Dolmabahçe Sarayı, 24 Temmuz 1998... Anlamlı bir gün...
"Cumhurbaşkanı Süleyman Demirel o gün Dolmabahçe Sarayı'nda bir resepsiyon veriyor. Çeşitli ülkelerin Cumhurbaşkanları ve Başbakanlarının davetli olduğu o resepsiyona biz gazeteciler de, davetliyiz."
Öyle bir resepsiyona gazetecilerin davetli olması normal ama, bu kez davetin özel bir anlamı var, yabancı devlet ve hükümet başkanlarının özel olarak davet edilmelerinin anlamı yine farklı.

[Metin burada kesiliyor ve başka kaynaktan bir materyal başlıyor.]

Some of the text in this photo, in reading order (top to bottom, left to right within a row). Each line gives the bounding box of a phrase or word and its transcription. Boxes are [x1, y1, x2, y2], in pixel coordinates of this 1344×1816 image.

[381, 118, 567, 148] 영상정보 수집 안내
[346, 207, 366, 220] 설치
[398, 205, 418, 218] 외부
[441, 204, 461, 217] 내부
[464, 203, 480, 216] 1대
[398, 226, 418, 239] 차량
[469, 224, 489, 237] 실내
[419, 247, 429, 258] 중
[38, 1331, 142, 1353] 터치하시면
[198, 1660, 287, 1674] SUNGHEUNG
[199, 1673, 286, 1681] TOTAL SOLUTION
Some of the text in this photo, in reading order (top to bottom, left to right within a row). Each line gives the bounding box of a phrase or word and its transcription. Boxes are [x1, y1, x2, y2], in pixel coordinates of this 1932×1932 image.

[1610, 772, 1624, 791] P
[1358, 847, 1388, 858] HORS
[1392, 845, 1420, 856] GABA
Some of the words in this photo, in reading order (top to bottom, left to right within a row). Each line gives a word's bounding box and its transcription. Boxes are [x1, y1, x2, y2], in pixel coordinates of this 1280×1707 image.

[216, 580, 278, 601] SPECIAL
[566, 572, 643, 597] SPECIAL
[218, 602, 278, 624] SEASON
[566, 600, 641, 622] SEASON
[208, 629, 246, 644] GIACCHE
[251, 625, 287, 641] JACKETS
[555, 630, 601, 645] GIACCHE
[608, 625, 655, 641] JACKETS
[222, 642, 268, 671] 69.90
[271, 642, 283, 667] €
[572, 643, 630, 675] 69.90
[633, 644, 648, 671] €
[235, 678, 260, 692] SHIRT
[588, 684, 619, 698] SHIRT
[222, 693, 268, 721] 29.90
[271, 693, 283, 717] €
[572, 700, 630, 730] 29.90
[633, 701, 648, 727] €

"24 Temmuz 1998 Lozan Anlaşmasının 75. yıldönümü."
Aynı zamanda...
"24 Temmuz 1998 'Basın Özgürlüğü İçin Mücadele Günü'nün 90. yıldönümü."
O yıllarda Basın Özgürlüğü İçin Mücadele Günü böylesine görkemli kutlamalara sahne oluyor.
Bugün o 'kutlama' artık ne ölçüde kutlama ise, zoraki birkaç demeçle idare edilen 'sıradan' bir günün ötesine geçmiyor.
"Çünkü, ortada gerçek bir basın yok."
Kırık, dökük, beli kırılmış, cilaları dökülmüş, hiçbir etkisi kalmamış, sahibinin sesi, efendilerine teslim olmuş, gerçekleri yazmak yerine efendilerinin emrini yerine getirmek yarışında bir basın var bugün.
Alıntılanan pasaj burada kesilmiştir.